Some of the earliest authors wrote on clay. Cuneiform writing, the remote ancestor of the Western alphabet, was invented in the Near East about 5,000 years ago. Its purpose was to keep records: the purchase of grain, the sale of land, the triumphs of the king, the statutes of the priests, the positions of the stars, the prayers to the gods. For thousands of years, writing was chiseled into clay and stone, scratched onto wax or bark or leather; painted on bamboo or papyrus or silk—but always one copy at a time and, except for the inscriptions on monuments, always for a tiny readership. Then in China between the second and sixth centuries, paper, ink and printing with carved wooden blocks were all invented, permitting many copies of a work to be made and distributed.

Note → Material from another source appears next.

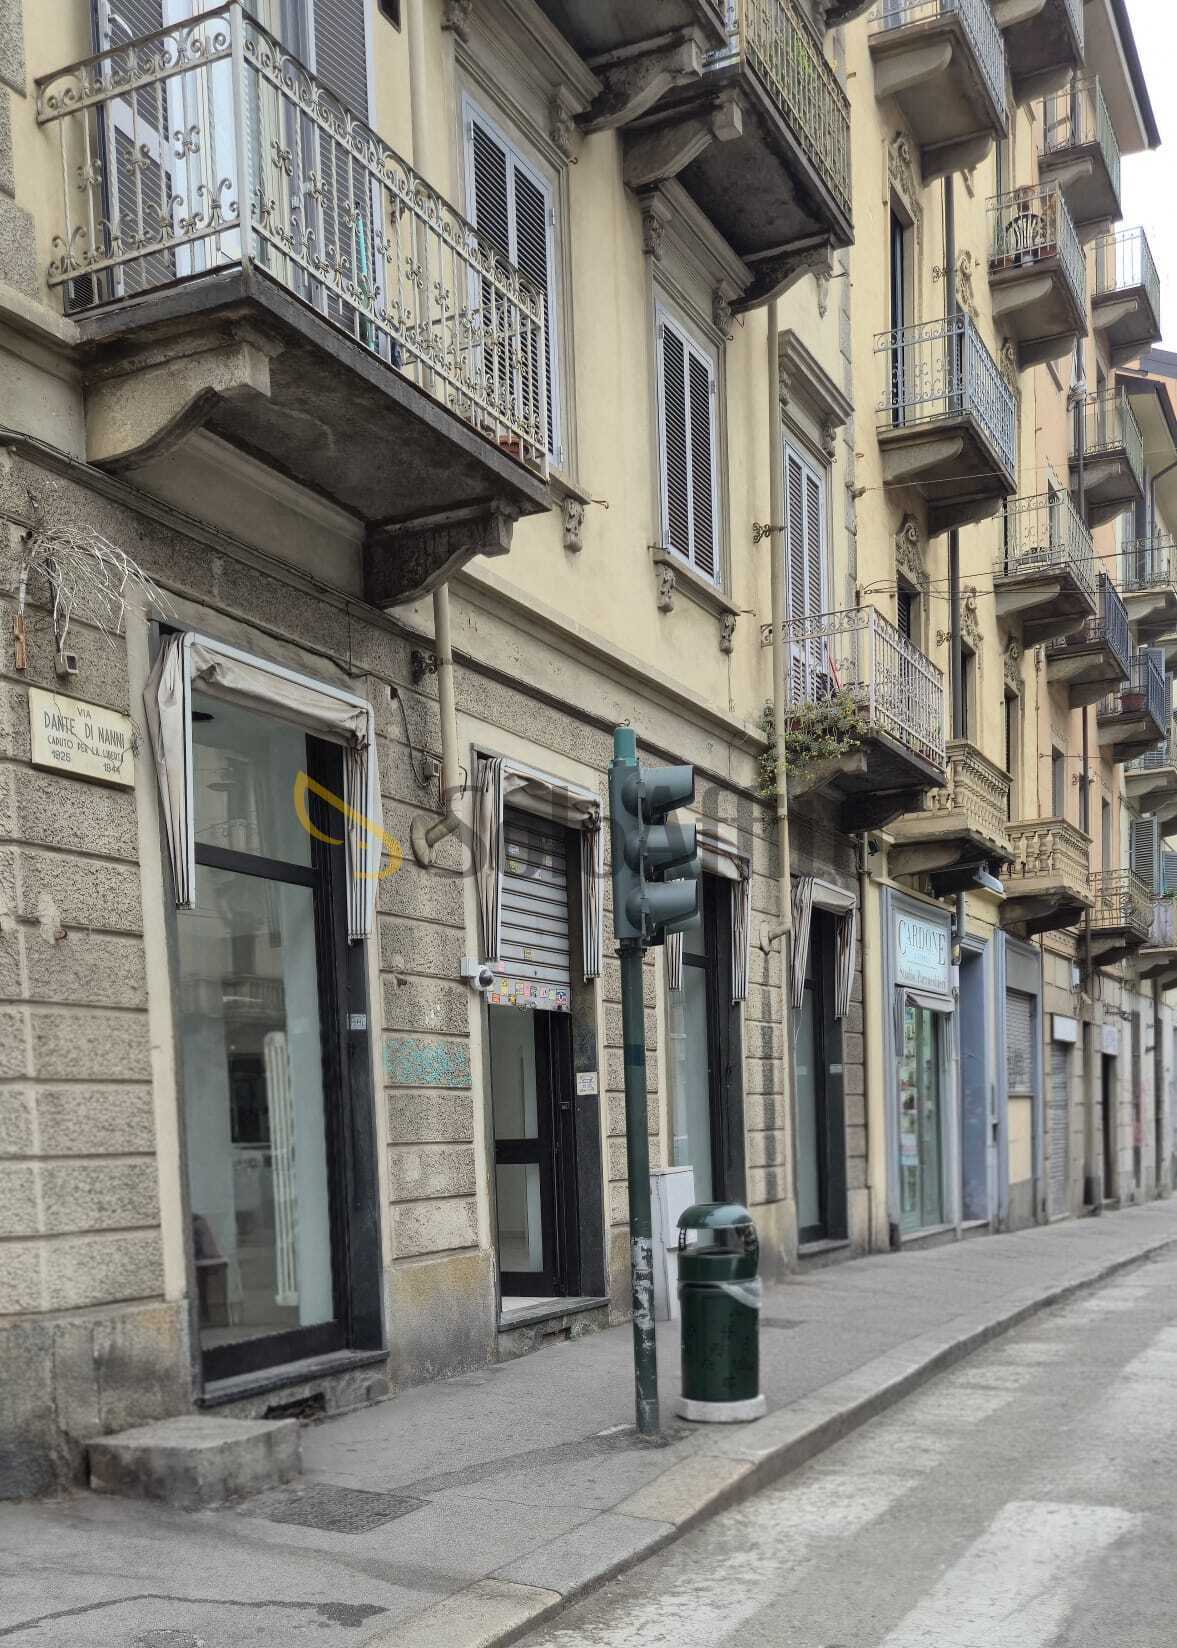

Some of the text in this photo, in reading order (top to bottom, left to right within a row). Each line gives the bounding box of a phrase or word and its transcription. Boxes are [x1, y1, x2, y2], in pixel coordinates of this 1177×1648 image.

[77, 706, 92, 719] VIA
[44, 711, 125, 749] DANTE DI NANNI
[48, 734, 74, 749] CADUTO
[78, 742, 88, 754] PER

It took a thousand years for the idea to catch on in remote and backward Europe. Then, suddenly, books were being printed all over the world. Just before the invention of movable type, around 1450, there were no more than a few tens of thousands of books in all of Europe, all handwritten; about as many as in China in 100 B.C., and a tenth as many as in the Great Library of Alexandria. Fifty years later, around 1500, there were ten million printed books. Learning had become available to anyone who could read. Magic was everywhere.

More recently, books, especially paperbacks, have been printed in massive and inexpensive editions. For the price of a modest meal you can ponder the decline and fall of the Roman Empire, the origin of species, the interpretation of dreams, the nature of things. Books are like seeds. They can lie dormant for centuries and then flower in the most unpromising soil.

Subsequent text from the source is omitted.